▶ Problem statement
Would you return the lines from the one that contains "this 1289×1600 image." to the last line of the entries below, exactly and with nothing added?
START Data section
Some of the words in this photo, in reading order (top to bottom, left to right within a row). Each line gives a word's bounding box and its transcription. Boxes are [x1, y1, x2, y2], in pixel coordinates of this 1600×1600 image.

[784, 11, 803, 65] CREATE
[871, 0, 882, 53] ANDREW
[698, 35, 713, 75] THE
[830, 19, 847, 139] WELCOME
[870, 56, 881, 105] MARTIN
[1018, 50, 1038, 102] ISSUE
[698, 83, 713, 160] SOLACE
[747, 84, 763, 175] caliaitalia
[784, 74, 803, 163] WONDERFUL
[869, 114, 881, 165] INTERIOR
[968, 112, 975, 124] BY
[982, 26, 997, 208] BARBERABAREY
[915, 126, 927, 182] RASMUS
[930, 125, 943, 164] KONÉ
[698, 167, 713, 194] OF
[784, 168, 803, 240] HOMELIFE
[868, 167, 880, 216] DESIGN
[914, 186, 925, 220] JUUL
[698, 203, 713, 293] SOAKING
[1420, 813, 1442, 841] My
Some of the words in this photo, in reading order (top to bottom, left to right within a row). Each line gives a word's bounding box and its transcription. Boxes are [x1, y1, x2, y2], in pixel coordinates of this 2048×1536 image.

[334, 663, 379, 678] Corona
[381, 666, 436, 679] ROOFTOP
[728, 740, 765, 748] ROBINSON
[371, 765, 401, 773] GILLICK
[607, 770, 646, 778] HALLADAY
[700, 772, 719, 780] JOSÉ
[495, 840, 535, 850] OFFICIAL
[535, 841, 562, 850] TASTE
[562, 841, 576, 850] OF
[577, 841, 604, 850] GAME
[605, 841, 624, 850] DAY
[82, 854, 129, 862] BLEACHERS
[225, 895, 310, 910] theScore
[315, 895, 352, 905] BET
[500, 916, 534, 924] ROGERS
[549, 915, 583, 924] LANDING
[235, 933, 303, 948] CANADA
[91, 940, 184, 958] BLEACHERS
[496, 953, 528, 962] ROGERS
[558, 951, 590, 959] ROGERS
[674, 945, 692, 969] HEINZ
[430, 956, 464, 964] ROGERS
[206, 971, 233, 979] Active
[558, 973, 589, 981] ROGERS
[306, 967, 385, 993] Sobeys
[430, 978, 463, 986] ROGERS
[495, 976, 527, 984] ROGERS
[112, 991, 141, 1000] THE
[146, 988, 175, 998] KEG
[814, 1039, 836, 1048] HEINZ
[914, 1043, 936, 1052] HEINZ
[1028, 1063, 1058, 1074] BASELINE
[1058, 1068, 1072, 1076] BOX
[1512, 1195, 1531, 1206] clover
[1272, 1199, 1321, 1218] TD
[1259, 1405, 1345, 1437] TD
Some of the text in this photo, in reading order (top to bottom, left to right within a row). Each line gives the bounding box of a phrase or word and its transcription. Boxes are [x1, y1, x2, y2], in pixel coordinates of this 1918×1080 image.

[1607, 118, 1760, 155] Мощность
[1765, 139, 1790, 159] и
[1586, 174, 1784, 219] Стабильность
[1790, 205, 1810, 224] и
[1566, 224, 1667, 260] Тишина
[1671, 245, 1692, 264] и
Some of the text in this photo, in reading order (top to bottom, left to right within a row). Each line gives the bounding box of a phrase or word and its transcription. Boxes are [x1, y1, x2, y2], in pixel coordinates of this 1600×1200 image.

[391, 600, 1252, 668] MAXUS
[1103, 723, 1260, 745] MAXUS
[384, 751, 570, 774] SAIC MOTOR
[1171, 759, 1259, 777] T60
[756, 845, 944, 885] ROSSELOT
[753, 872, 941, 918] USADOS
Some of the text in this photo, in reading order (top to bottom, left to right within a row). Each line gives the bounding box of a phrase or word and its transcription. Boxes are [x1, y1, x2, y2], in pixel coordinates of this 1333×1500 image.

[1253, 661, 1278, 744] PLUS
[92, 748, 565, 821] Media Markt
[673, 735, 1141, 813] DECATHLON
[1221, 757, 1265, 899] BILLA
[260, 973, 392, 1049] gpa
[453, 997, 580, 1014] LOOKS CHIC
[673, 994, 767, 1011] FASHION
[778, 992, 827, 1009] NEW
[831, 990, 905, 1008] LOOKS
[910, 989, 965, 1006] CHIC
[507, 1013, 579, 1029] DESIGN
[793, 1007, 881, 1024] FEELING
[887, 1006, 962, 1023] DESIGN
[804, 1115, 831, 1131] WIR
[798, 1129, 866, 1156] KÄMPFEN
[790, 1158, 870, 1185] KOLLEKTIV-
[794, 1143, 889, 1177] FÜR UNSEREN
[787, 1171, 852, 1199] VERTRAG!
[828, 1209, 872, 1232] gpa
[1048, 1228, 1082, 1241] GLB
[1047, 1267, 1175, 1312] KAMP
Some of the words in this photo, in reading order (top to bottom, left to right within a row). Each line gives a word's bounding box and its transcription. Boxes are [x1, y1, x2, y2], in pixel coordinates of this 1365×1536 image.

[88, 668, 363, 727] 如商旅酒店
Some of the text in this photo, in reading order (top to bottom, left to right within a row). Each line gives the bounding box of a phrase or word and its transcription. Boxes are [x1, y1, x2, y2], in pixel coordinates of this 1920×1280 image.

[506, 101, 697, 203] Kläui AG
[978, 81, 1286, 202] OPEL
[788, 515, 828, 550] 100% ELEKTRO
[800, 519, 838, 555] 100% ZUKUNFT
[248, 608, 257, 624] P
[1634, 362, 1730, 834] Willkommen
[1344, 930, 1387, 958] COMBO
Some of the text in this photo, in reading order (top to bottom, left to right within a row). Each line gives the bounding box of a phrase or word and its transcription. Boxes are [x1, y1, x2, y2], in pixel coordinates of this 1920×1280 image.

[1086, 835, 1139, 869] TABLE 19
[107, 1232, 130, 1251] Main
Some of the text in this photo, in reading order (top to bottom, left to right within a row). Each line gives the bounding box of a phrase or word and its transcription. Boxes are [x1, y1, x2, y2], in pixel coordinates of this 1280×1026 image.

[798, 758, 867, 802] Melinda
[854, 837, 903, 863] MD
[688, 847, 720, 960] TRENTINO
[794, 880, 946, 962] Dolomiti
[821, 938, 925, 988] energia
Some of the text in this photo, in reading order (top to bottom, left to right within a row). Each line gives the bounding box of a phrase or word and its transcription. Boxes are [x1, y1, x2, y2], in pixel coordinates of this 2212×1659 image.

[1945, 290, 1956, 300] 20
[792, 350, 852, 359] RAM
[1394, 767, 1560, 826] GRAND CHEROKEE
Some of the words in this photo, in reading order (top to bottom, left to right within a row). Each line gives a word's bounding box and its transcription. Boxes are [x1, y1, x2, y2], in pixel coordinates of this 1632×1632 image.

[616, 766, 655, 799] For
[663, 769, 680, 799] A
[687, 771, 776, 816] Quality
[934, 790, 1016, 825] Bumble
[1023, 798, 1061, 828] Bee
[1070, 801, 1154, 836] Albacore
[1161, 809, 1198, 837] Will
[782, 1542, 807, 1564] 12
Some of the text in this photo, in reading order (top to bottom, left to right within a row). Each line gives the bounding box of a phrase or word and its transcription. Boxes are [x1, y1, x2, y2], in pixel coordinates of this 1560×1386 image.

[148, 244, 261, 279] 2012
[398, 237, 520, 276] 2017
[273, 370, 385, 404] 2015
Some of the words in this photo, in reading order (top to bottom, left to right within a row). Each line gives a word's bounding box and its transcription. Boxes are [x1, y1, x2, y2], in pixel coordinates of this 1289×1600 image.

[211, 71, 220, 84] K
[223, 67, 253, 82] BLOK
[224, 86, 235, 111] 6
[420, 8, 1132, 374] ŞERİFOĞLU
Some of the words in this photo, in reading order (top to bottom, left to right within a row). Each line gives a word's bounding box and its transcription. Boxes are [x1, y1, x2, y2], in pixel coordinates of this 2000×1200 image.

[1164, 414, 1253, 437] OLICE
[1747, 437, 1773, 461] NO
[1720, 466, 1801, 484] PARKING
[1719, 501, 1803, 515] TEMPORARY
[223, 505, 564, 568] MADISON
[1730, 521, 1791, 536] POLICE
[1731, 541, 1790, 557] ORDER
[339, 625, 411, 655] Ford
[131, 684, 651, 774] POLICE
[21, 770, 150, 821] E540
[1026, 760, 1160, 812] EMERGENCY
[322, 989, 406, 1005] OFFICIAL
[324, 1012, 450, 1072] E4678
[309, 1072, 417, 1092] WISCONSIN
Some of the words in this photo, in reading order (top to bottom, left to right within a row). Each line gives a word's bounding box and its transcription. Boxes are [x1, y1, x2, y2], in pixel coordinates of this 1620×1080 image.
END Data section
▶ Task output
Some of the words in this photo, in reading order (top to bottom, left to right within a row). Each line gives a word's bounding box and its transcription. Boxes are [x1, y1, x2, y2], in pixel coordinates of this 1289×1600 image.

[211, 71, 220, 84] K
[223, 67, 253, 82] BLOK
[224, 86, 235, 111] 6
[420, 8, 1132, 374] ŞERİFOĞLU
Some of the words in this photo, in reading order (top to bottom, left to right within a row). Each line gives a word's bounding box and its transcription. Boxes are [x1, y1, x2, y2], in pixel coordinates of this 2000×1200 image.

[1164, 414, 1253, 437] OLICE
[1747, 437, 1773, 461] NO
[1720, 466, 1801, 484] PARKING
[1719, 501, 1803, 515] TEMPORARY
[223, 505, 564, 568] MADISON
[1730, 521, 1791, 536] POLICE
[1731, 541, 1790, 557] ORDER
[339, 625, 411, 655] Ford
[131, 684, 651, 774] POLICE
[21, 770, 150, 821] E540
[1026, 760, 1160, 812] EMERGENCY
[322, 989, 406, 1005] OFFICIAL
[324, 1012, 450, 1072] E4678
[309, 1072, 417, 1092] WISCONSIN
Some of the words in this photo, in reading order (top to bottom, left to right within a row). Each line gives a word's bounding box and its transcription. Boxes are [x1, y1, x2, y2], in pixel coordinates of this 1620×1080 image.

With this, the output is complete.